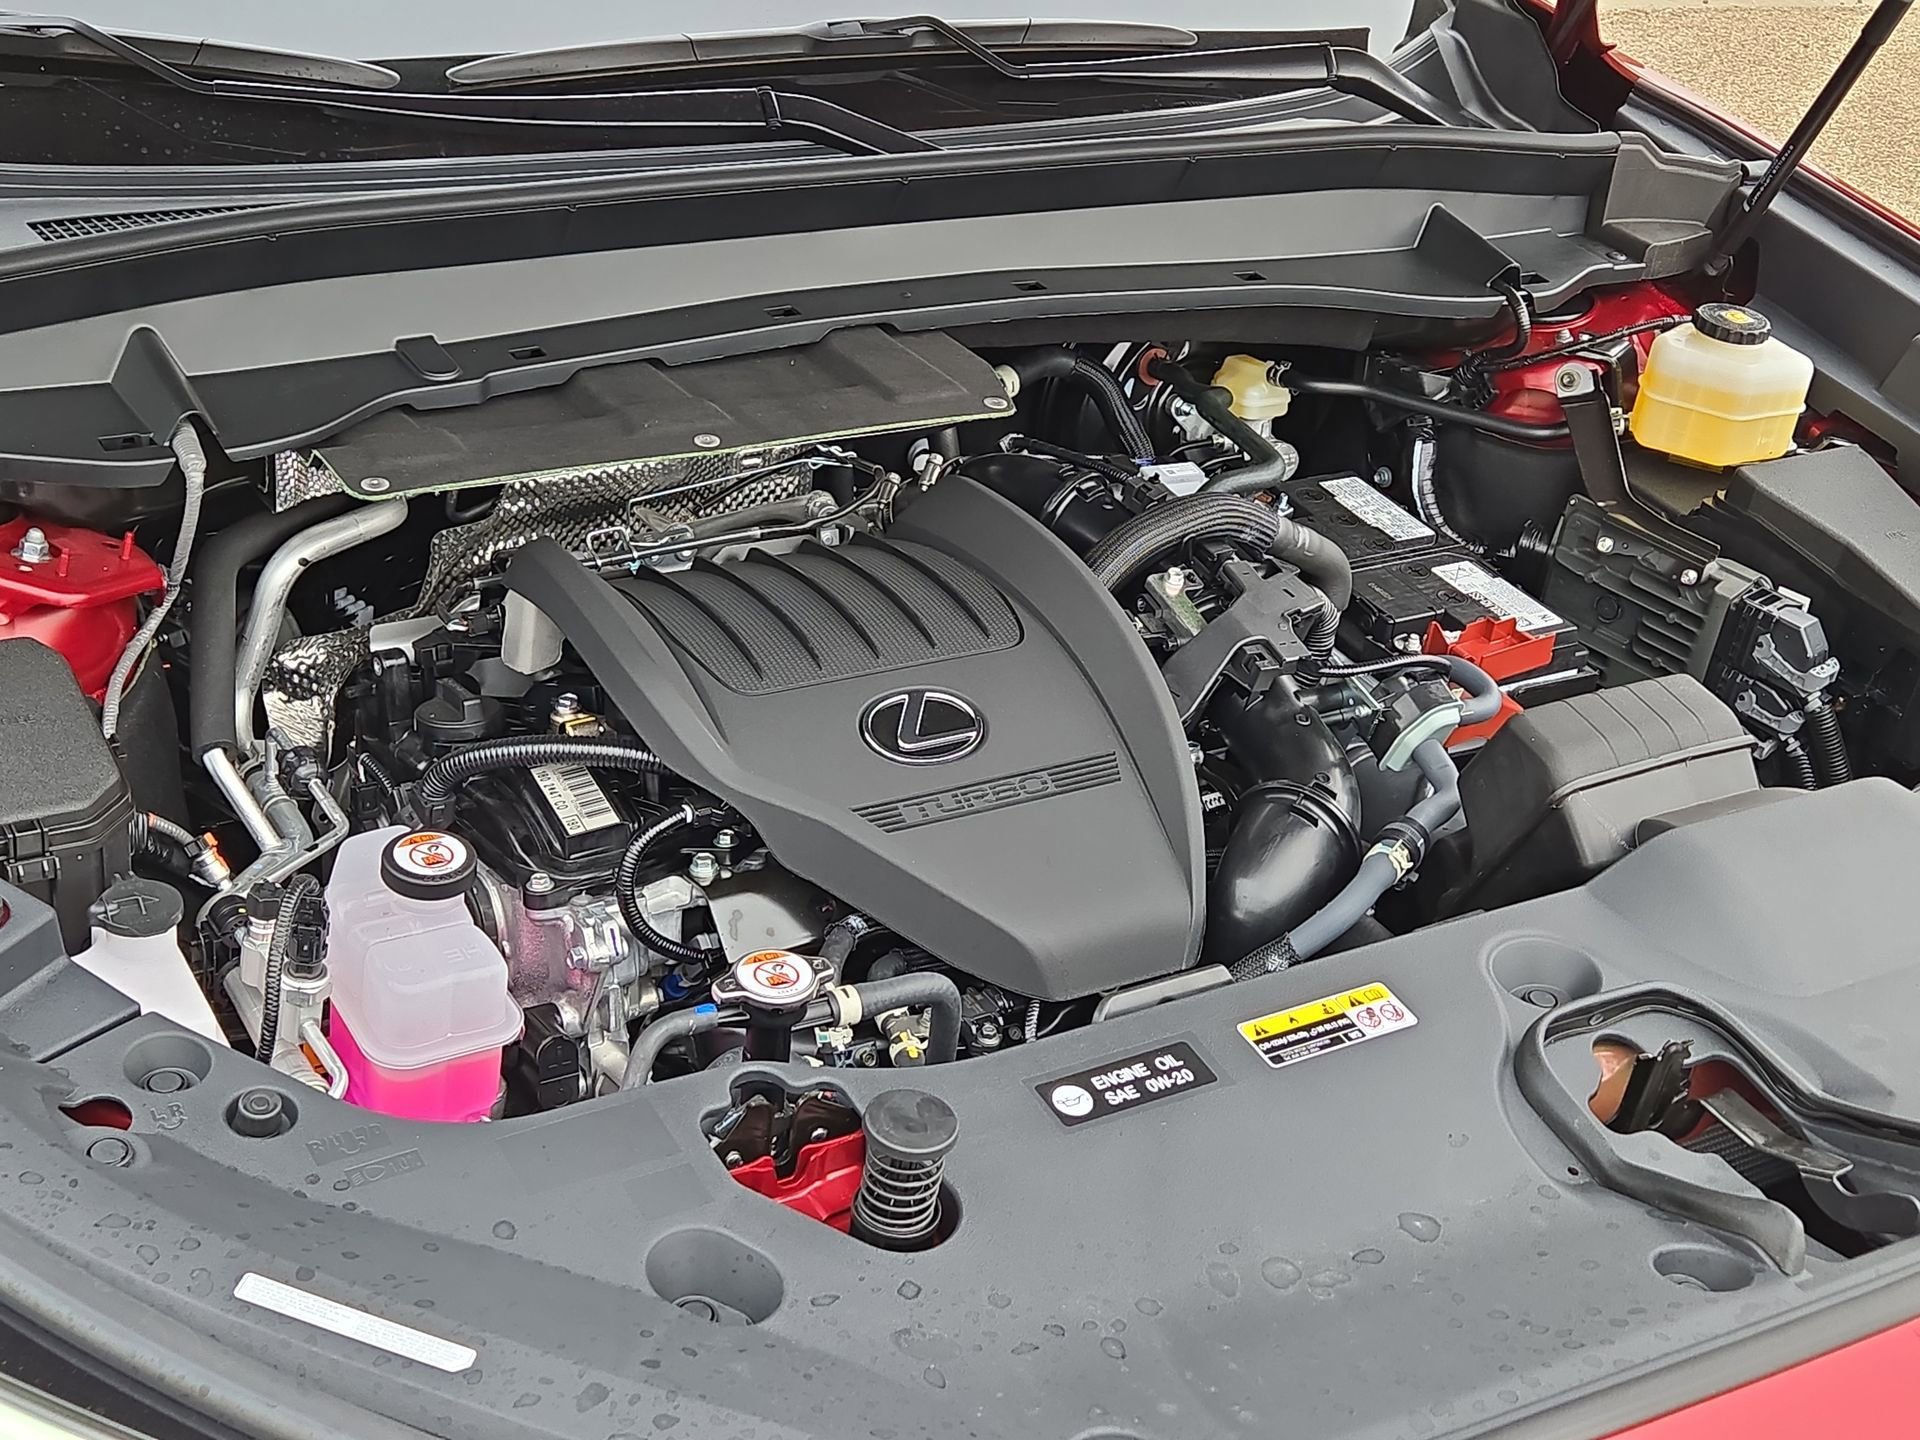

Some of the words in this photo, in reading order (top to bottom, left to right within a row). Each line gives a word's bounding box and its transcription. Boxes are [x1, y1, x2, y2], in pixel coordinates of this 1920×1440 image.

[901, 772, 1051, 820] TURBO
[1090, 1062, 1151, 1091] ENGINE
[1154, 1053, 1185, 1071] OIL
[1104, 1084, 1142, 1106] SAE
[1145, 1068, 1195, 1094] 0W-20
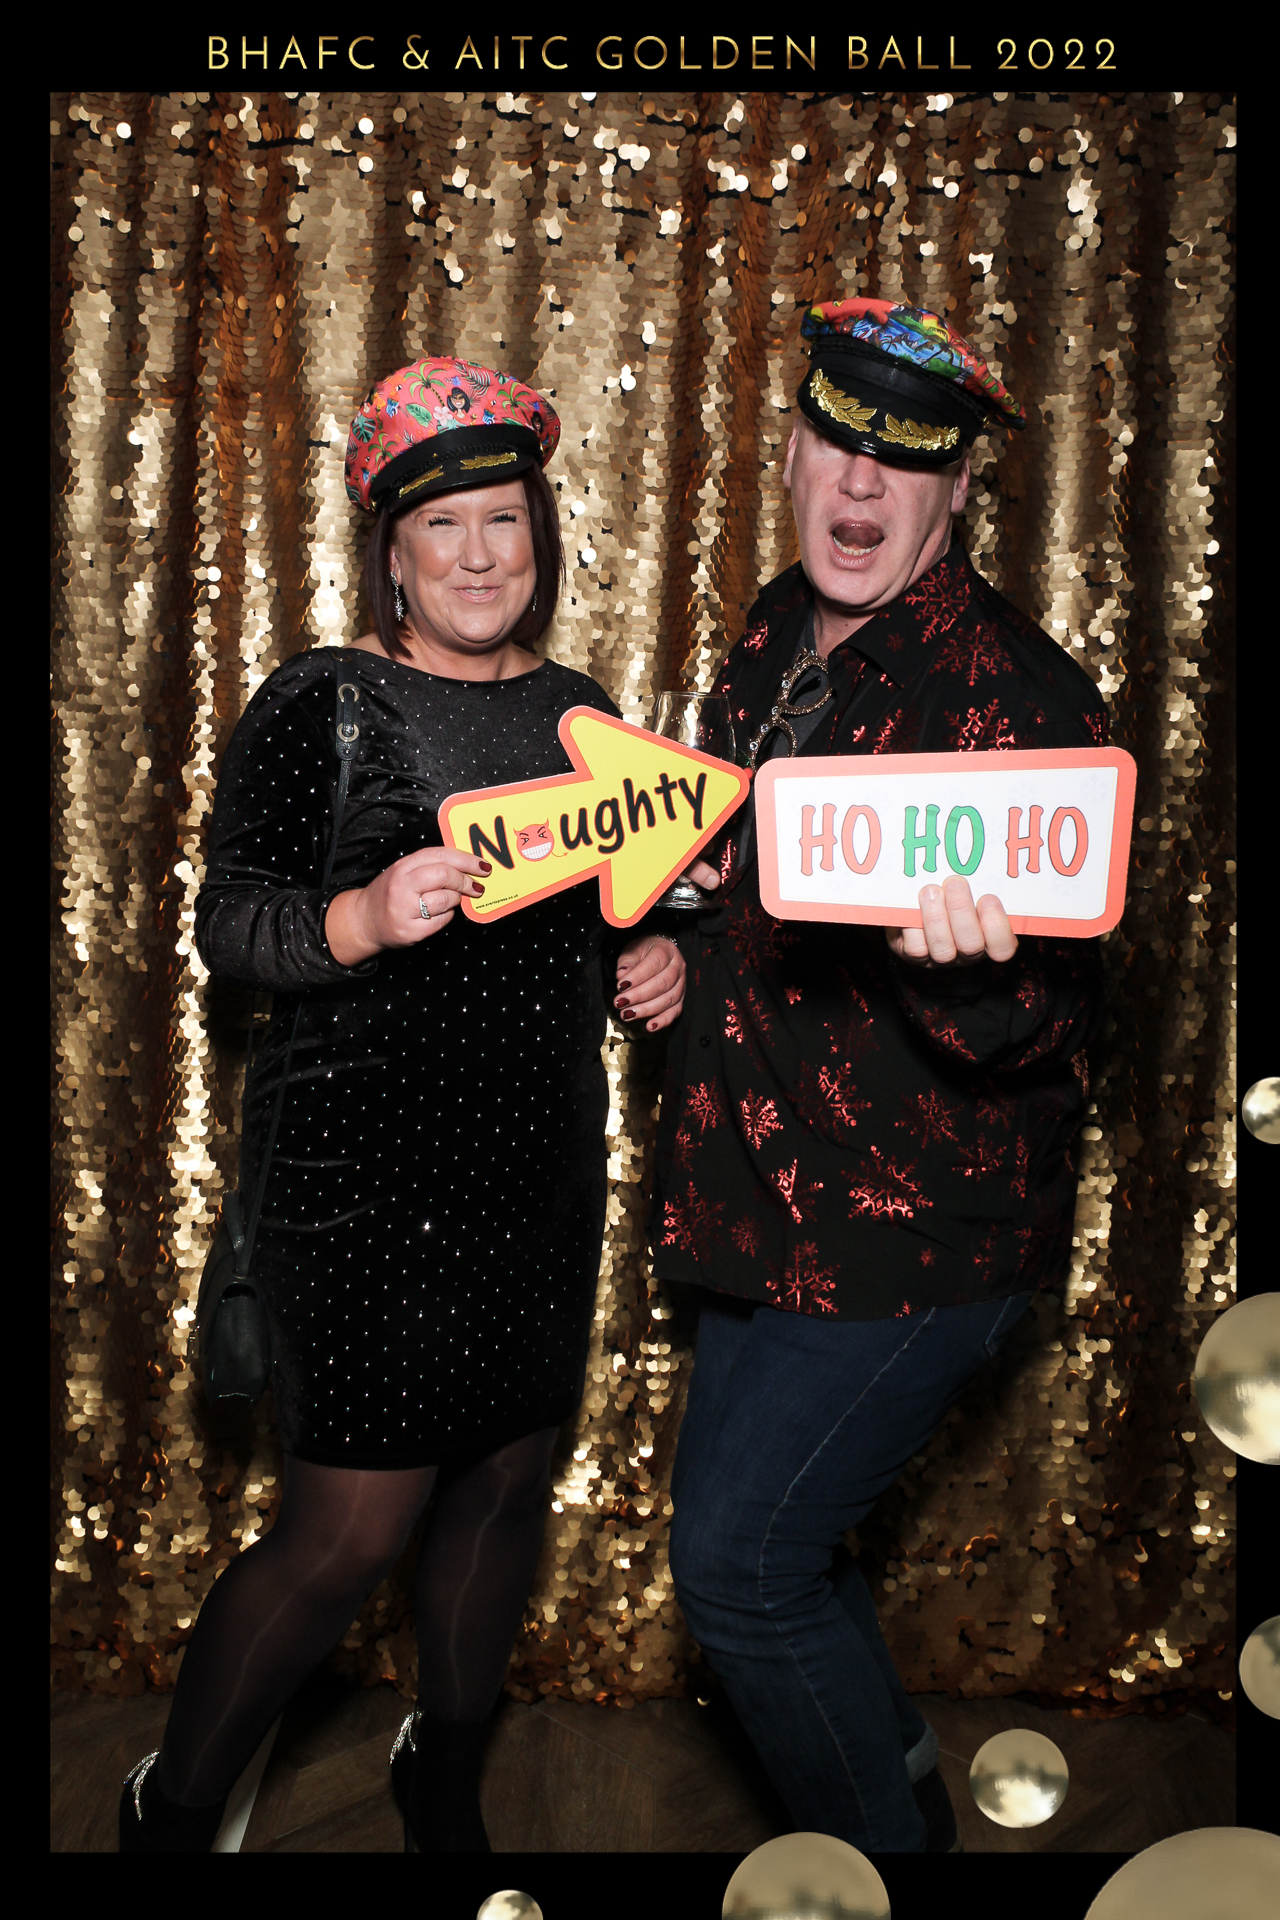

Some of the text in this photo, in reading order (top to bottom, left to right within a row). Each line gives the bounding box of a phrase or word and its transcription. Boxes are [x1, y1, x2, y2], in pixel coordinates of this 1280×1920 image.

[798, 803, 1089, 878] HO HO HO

#### [Your instructions]
Wherever an image appears in the data, omit it and repeat everything else exactly.

#### [Answer to the exercise]
Some of the words in this photo, in reading order (top to bottom, left to right within a row). Each line gives a word's bounding box and its transcription. Boxes are [x1, y1, x2, y2], in pixel coordinates of this 1920×1440 image.

[901, 772, 1051, 820] TURBO
[1090, 1062, 1151, 1091] ENGINE
[1154, 1053, 1185, 1071] OIL
[1104, 1084, 1142, 1106] SAE
[1145, 1068, 1195, 1094] 0W-20

Some of the text in this photo, in reading order (top to bottom, left to right within a row). Each line gives the bounding box of a phrase or word and its transcription. Boxes are [x1, y1, x2, y2], in pixel coordinates of this 1280×1920 image.

[798, 803, 1089, 878] HO HO HO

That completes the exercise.